*Requirement*: Return a faithful copy of all the entries, omitting the images.

*Data provided*:
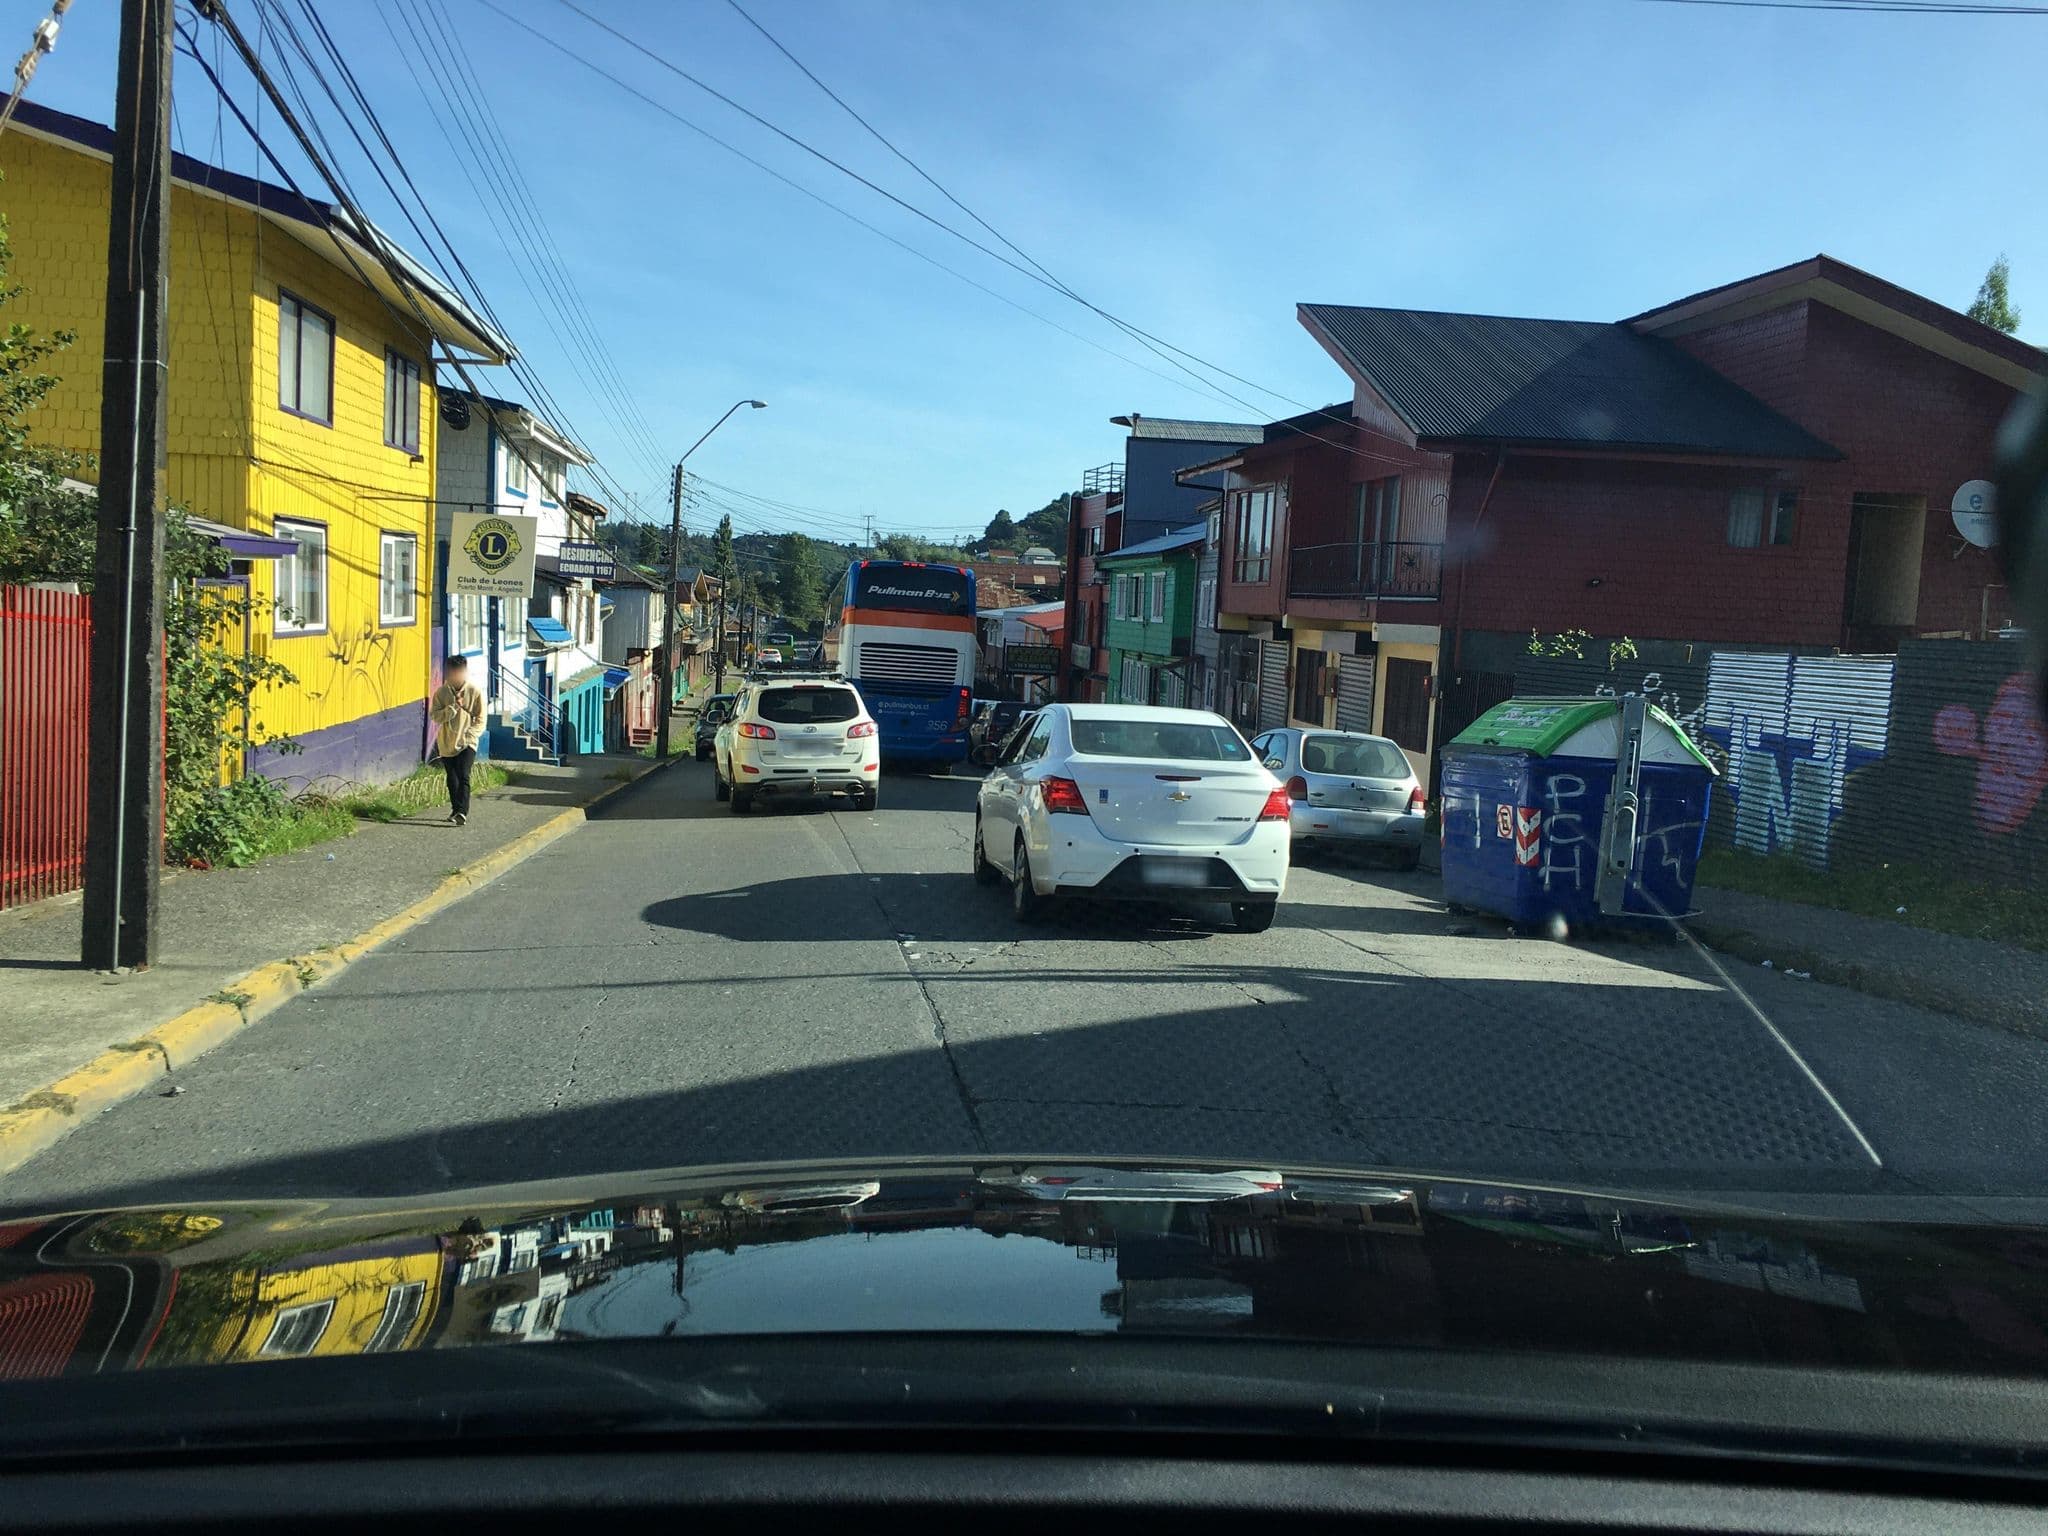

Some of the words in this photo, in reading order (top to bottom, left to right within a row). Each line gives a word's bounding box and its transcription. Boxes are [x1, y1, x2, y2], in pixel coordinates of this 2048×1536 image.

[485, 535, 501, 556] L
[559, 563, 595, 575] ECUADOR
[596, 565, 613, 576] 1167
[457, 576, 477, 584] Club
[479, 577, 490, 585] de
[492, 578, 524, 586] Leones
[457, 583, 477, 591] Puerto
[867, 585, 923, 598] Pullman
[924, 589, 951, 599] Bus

*Answer area*:
Some of the words in this photo, in reading order (top to bottom, left to right within a row). Each line gives a word's bounding box and its transcription. Boxes are [x1, y1, x2, y2], in pixel coordinates of this 2048×1536 image.

[485, 535, 501, 556] L
[559, 563, 595, 575] ECUADOR
[596, 565, 613, 576] 1167
[457, 576, 477, 584] Club
[479, 577, 490, 585] de
[492, 578, 524, 586] Leones
[457, 583, 477, 591] Puerto
[867, 585, 923, 598] Pullman
[924, 589, 951, 599] Bus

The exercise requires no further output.